Biodiversity conservation are increasingly focused on involving stakeholder engagement, making power a key concept in understanding its success and failure. Power is often conceptualized as unidimensional and coercive, but a multidimensional view better reflects structural power, as well as its productive and enabling potential.
This paper investigates how different dimensions of power in participatory processes affect biodiversity conservation objectives. Six case studies from Europe and Asia‐Pacific were analysed using an adapted framework that explores the interlinkages between ‘power over’ and ‘transformative power’, looking at the scale and space in which power occurs, and analysing in which arenas of power and under which form of expression it appears. The framework distinguishes between the different ways to exert influence (‘power to’, ‘power with’, ‘power within’, ‘power for’), as well as the dynamics of domination and resistance observed in decision‐making (visible power), hidden biases and exclusionary experiences (hidden power), and actions that either reinforce or resist social norms and beliefs (invisible and systematic power).

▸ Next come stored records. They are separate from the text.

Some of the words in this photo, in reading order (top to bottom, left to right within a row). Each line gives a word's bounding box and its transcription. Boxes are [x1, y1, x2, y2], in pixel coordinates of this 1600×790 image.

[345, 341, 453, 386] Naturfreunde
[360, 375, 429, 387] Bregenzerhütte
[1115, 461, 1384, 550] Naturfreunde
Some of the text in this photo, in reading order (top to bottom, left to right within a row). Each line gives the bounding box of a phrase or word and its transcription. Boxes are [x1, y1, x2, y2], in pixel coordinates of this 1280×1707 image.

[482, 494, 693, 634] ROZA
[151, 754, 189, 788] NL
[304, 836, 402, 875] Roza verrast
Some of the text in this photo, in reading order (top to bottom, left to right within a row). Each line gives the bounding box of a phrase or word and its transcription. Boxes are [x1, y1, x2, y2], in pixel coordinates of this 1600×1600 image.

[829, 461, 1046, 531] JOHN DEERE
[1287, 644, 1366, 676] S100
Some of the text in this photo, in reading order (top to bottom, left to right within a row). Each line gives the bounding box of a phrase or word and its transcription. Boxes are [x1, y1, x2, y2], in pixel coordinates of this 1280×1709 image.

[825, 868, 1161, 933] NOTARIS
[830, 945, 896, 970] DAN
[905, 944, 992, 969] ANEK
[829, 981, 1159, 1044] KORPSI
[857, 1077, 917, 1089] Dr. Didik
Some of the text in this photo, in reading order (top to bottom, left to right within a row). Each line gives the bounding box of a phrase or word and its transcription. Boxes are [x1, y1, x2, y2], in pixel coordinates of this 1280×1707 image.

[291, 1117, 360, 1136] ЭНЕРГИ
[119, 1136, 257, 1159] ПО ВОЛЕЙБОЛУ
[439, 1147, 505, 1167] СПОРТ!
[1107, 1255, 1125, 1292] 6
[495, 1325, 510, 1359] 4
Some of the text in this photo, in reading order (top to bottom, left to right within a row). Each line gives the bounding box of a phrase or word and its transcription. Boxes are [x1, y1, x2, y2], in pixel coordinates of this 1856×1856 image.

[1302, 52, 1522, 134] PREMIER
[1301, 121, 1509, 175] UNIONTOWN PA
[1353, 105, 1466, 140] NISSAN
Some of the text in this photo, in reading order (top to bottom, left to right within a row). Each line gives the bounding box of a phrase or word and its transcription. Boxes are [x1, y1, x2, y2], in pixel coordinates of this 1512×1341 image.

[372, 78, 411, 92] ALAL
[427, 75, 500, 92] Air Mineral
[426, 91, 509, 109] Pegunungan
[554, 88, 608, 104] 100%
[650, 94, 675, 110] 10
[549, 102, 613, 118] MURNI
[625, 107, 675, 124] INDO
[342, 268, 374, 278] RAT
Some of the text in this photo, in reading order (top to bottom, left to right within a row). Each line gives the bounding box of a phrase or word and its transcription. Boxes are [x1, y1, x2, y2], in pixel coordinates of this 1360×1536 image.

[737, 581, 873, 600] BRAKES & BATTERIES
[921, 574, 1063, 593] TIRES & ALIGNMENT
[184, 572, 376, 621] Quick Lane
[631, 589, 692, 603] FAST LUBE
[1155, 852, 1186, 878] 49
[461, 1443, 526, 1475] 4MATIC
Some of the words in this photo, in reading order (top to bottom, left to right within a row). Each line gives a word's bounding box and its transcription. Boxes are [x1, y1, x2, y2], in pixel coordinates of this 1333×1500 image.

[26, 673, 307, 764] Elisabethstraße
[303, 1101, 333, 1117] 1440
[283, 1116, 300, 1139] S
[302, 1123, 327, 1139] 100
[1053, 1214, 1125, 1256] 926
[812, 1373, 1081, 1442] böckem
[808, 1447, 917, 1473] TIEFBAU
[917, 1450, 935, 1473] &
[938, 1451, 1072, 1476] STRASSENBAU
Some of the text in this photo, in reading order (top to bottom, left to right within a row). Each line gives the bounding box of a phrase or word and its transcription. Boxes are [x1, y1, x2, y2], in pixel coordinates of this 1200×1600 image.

Focusing on biodiversity, the different arenas of power allow us to go deeper than the surface issues and conflicting interests of diverse participants, regarding for example wildlife, to question underlying power dynamics. Different expressions of power, more specifically the ‘power for’ dimension, allow an understanding of how participants integrate nature and biodiversity in their aspirations. The different levels of power also highlight the need to focus not only on the local level but to analyse how participatory processes are embedded in national, or even international governance in a globalized world. Finally, they shed light on two challenges in participatory processes regarding biodiversity: the representation of non‐human interests (designated here as ‘beyond‐human’ voices), and the integration of multiple forms of knowledge systems.
Synthesis and applications: Integrating power into biodiversity issues involves deconstructing normalized discourses that focus solely on certain more powerful human agents, their interests and scientific knowledge, and creating new narratives, knowledge and embodied practice of learning and action to encompass a wider diversity of voices and views.